**How to complete this task**
Every record below is to be retyped exactly.

(Data excerpts)
[Start of Attachment]
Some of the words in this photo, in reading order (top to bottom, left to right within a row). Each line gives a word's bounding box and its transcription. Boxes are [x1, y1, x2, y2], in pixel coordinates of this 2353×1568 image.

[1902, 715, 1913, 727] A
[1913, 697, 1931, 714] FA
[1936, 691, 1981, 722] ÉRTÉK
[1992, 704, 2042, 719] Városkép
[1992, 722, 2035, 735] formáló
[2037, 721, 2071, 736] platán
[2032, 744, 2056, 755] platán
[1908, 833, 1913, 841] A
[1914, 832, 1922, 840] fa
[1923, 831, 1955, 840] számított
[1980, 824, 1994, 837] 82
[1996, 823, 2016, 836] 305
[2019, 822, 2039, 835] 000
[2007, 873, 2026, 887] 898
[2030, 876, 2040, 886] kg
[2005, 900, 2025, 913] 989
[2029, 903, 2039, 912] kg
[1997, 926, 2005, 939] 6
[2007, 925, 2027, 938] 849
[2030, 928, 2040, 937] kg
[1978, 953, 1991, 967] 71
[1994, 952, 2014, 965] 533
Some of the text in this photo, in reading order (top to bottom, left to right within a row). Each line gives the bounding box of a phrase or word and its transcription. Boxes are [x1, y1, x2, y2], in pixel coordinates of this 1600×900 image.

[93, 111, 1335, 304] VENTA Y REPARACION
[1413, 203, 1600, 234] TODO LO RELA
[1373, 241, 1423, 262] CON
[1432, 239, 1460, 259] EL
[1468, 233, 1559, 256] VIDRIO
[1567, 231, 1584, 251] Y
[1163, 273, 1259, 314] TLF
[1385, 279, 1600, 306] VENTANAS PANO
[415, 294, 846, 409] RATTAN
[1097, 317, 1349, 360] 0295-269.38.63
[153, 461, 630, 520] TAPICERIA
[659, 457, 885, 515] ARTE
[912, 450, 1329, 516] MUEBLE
[End of Attachment]
**Task solution**
Some of the words in this photo, in reading order (top to bottom, left to right within a row). Each line gives a word's bounding box and its transcription. Boxes are [x1, y1, x2, y2], in pixel coordinates of this 2353×1568 image.

[1902, 715, 1913, 727] A
[1913, 697, 1931, 714] FA
[1936, 691, 1981, 722] ÉRTÉK
[1992, 704, 2042, 719] Városkép
[1992, 722, 2035, 735] formáló
[2037, 721, 2071, 736] platán
[2032, 744, 2056, 755] platán
[1908, 833, 1913, 841] A
[1914, 832, 1922, 840] fa
[1923, 831, 1955, 840] számított
[1980, 824, 1994, 837] 82
[1996, 823, 2016, 836] 305
[2019, 822, 2039, 835] 000
[2007, 873, 2026, 887] 898
[2030, 876, 2040, 886] kg
[2005, 900, 2025, 913] 989
[2029, 903, 2039, 912] kg
[1997, 926, 2005, 939] 6
[2007, 925, 2027, 938] 849
[2030, 928, 2040, 937] kg
[1978, 953, 1991, 967] 71
[1994, 952, 2014, 965] 533
Some of the text in this photo, in reading order (top to bottom, left to right within a row). Each line gives the bounding box of a phrase or word and its transcription. Boxes are [x1, y1, x2, y2], in pixel coordinates of this 1600×900 image.

[93, 111, 1335, 304] VENTA Y REPARACION
[1413, 203, 1600, 234] TODO LO RELA
[1373, 241, 1423, 262] CON
[1432, 239, 1460, 259] EL
[1468, 233, 1559, 256] VIDRIO
[1567, 231, 1584, 251] Y
[1163, 273, 1259, 314] TLF
[1385, 279, 1600, 306] VENTANAS PANO
[415, 294, 846, 409] RATTAN
[1097, 317, 1349, 360] 0295-269.38.63
[153, 461, 630, 520] TAPICERIA
[659, 457, 885, 515] ARTE
[912, 450, 1329, 516] MUEBLE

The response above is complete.